(Phrase grounding data)
◇ ◇ ◇ ◇
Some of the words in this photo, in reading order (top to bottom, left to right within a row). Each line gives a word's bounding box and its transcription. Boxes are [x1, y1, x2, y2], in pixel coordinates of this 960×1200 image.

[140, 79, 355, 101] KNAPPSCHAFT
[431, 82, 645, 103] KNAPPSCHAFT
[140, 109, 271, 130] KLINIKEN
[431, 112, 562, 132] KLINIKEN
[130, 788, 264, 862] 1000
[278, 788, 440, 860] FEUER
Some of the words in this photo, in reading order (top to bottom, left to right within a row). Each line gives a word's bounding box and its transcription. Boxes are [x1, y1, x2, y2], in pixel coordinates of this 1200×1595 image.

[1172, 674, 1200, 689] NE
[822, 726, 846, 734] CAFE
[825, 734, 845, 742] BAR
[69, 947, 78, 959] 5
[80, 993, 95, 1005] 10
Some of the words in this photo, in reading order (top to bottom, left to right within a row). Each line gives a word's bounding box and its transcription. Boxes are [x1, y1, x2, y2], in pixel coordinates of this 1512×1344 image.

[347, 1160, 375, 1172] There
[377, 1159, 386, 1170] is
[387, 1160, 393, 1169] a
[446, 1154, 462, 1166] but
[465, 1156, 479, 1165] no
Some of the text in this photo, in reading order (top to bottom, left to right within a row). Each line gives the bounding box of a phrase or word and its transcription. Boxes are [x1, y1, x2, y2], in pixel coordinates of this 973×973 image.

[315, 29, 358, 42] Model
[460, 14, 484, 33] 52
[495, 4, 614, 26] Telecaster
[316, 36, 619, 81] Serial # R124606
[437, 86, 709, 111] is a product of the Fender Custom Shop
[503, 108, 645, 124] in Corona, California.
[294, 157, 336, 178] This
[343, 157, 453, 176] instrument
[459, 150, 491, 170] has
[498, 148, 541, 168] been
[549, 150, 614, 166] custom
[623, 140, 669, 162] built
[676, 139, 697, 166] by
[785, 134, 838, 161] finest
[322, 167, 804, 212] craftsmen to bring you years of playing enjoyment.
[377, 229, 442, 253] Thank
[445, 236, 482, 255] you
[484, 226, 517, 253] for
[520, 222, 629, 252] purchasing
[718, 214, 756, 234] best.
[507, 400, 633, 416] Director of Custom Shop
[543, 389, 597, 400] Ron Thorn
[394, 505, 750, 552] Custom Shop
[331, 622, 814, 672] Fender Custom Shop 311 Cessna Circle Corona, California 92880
◇ ◇ ◇ ◇
* **Task brief**
Every entry must be set down exactly, with nothing left out.

* **Exercise result**
Some of the words in this photo, in reading order (top to bottom, left to right within a row). Each line gives a word's bounding box and its transcription. Boxes are [x1, y1, x2, y2], in pixel coordinates of this 960×1200 image.

[140, 79, 355, 101] KNAPPSCHAFT
[431, 82, 645, 103] KNAPPSCHAFT
[140, 109, 271, 130] KLINIKEN
[431, 112, 562, 132] KLINIKEN
[130, 788, 264, 862] 1000
[278, 788, 440, 860] FEUER
Some of the words in this photo, in reading order (top to bottom, left to right within a row). Each line gives a word's bounding box and its transcription. Boxes are [x1, y1, x2, y2], in pixel coordinates of this 1200×1595 image.

[1172, 674, 1200, 689] NE
[822, 726, 846, 734] CAFE
[825, 734, 845, 742] BAR
[69, 947, 78, 959] 5
[80, 993, 95, 1005] 10
Some of the words in this photo, in reading order (top to bottom, left to right within a row). Each line gives a word's bounding box and its transcription. Boxes are [x1, y1, x2, y2], in pixel coordinates of this 1512×1344 image.

[347, 1160, 375, 1172] There
[377, 1159, 386, 1170] is
[387, 1160, 393, 1169] a
[446, 1154, 462, 1166] but
[465, 1156, 479, 1165] no
Some of the text in this photo, in reading order (top to bottom, left to right within a row). Each line gives the bounding box of a phrase or word and its transcription. Boxes are [x1, y1, x2, y2], in pixel coordinates of this 973×973 image.

[315, 29, 358, 42] Model
[460, 14, 484, 33] 52
[495, 4, 614, 26] Telecaster
[316, 36, 619, 81] Serial # R124606
[437, 86, 709, 111] is a product of the Fender Custom Shop
[503, 108, 645, 124] in Corona, California.
[294, 157, 336, 178] This
[343, 157, 453, 176] instrument
[459, 150, 491, 170] has
[498, 148, 541, 168] been
[549, 150, 614, 166] custom
[623, 140, 669, 162] built
[676, 139, 697, 166] by
[785, 134, 838, 161] finest
[322, 167, 804, 212] craftsmen to bring you years of playing enjoyment.
[377, 229, 442, 253] Thank
[445, 236, 482, 255] you
[484, 226, 517, 253] for
[520, 222, 629, 252] purchasing
[718, 214, 756, 234] best.
[507, 400, 633, 416] Director of Custom Shop
[543, 389, 597, 400] Ron Thorn
[394, 505, 750, 552] Custom Shop
[331, 622, 814, 672] Fender Custom Shop 311 Cessna Circle Corona, California 92880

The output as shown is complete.